Georges Perec's Movie
Via RSB, I find this nice report from The Auteurs on Georges Perec's 1974 movie Un Homme Qui Dort. The movie is based on Perec's early novella of the same name (published in English by Godine as A Man Asleep.)
The occasion of this report is Dort's release on DVD (although currently unavailable through Amazon U.S. Based on The Auteurs's description (and some of the stills), Dort sounds somewhat similar to Robbe-Grillet's experimental film, Last Year at Marienbad:
In the early '70s Perec and his friend Bernard Queysanne, a filmmaker whose experience had heretofore been as an assistant director, teamed up to make a film of the book.
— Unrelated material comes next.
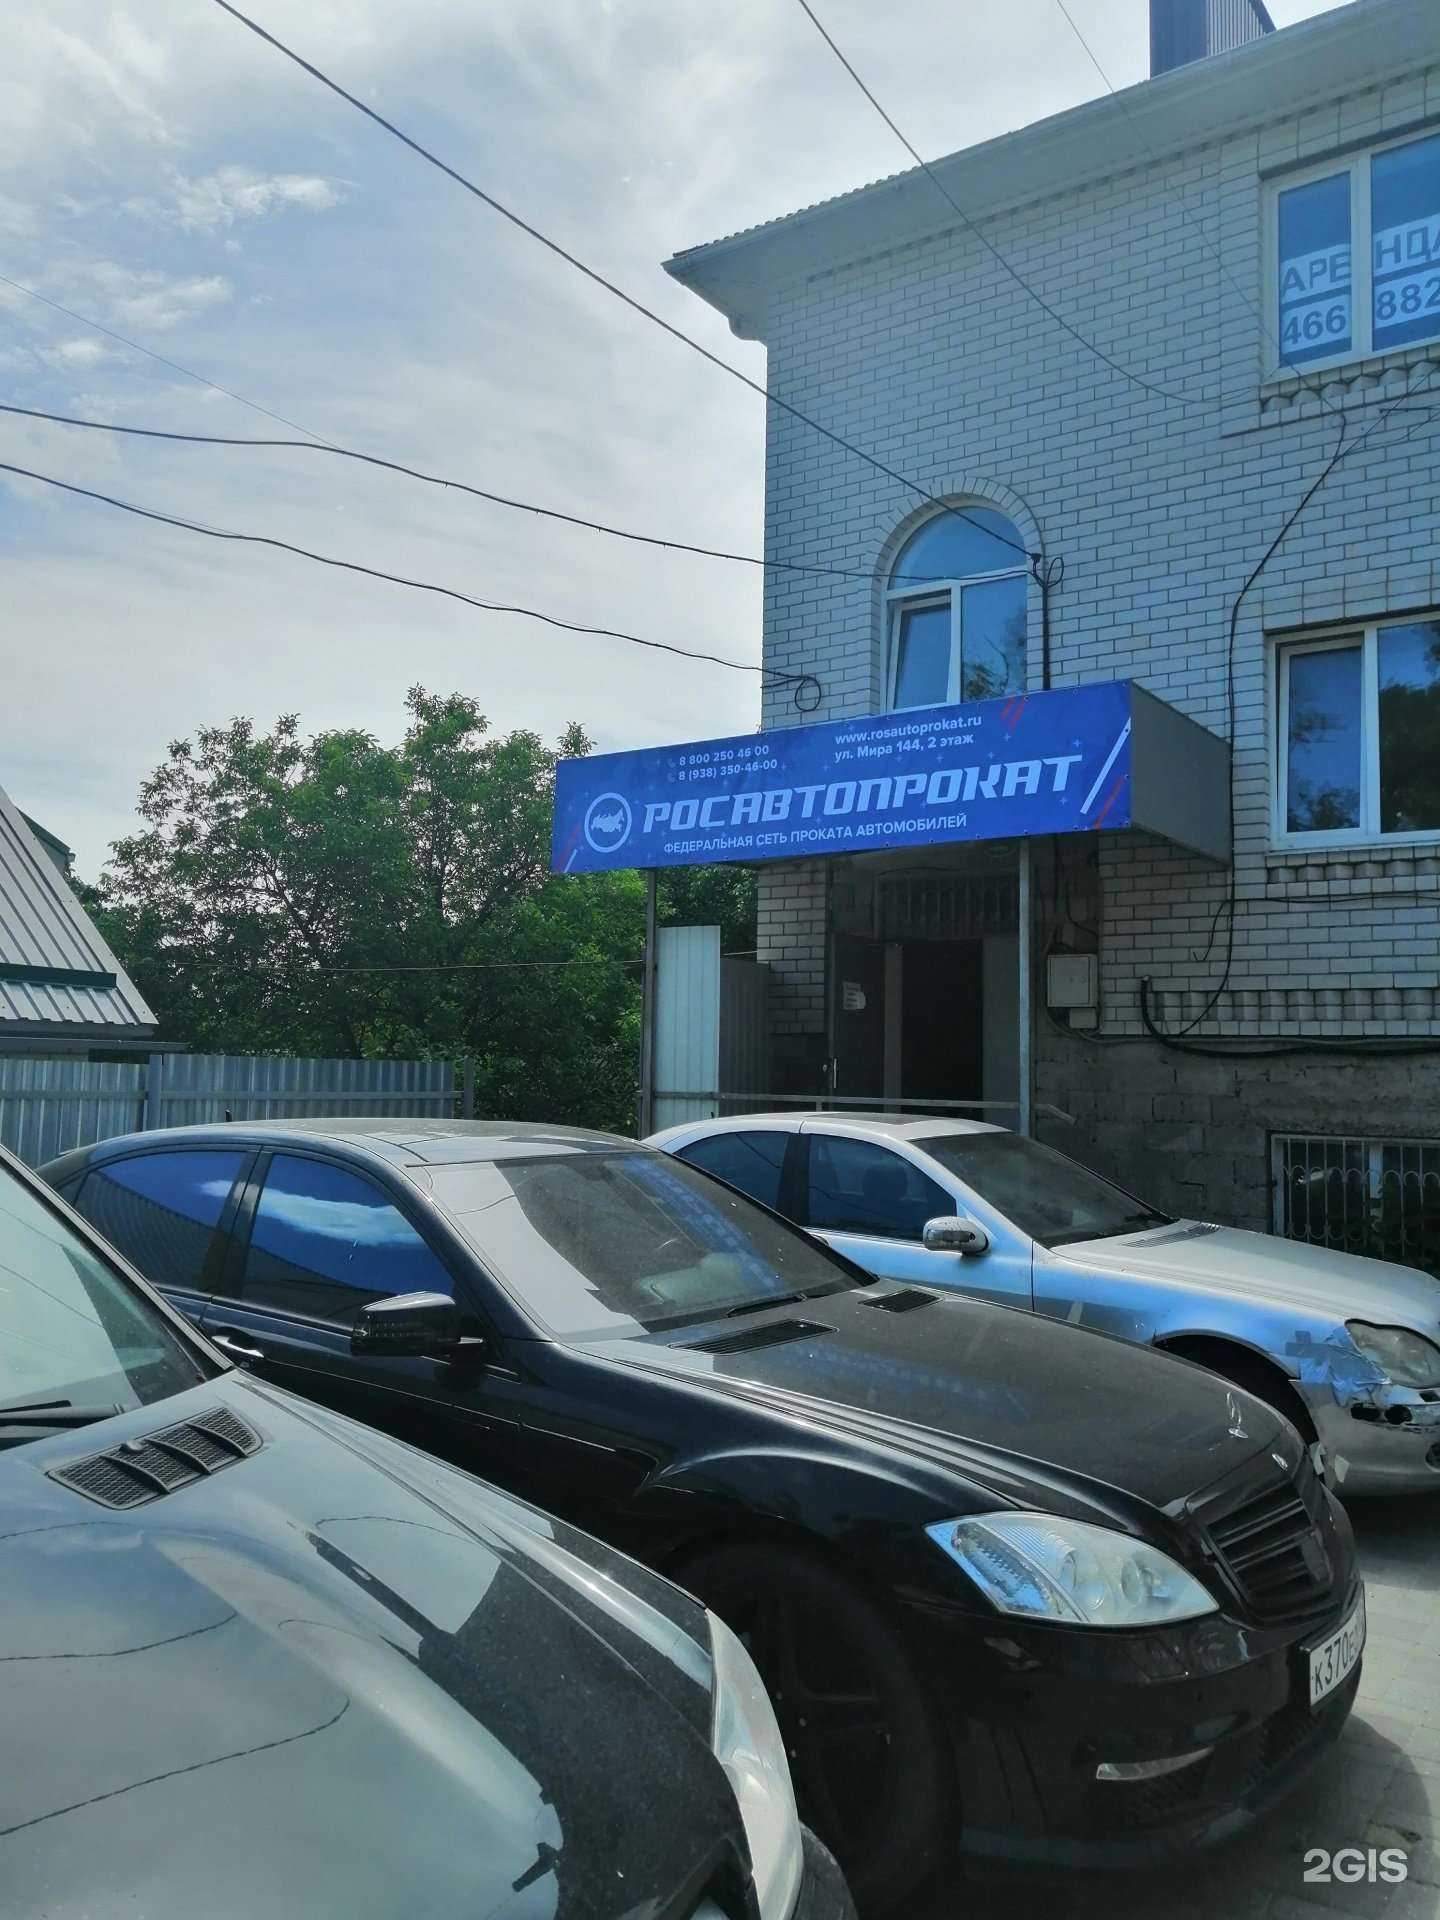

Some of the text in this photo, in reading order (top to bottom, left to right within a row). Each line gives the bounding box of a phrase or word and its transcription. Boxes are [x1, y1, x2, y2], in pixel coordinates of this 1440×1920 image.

While much of the film's narration—which comprises the entirety of the film's verbal content; there is no dialogue—is taken directly from the novel, Perec jettisoned the book's linear structure in favor of, Bellos explains, "a mathematical construction. After the prologue (part 0, so to speak) there are six sections. The six sections are interchangeable in the sense that the same objects, places, and movements are shown in each, but they are all filmed from different angles and edited into different order, in line with the permutations of the sestina. The text and the music are similarly organized in six-part permutations, and then edited and mixed so that the words are out of phase with the image except at apparently random moments, the last of which—the closing sequence—is not random at all but endowed with an overwhelming sense of necessity."
For anyone who has seen Marienbad, this still will especially resound:
All in all, sounds like a worthwhile film. I'll be looking forward to its appearance on these shores.








I read Un Homme qui dort recently and it was tremendously good. Perec is such a star. haven't seen the film, however.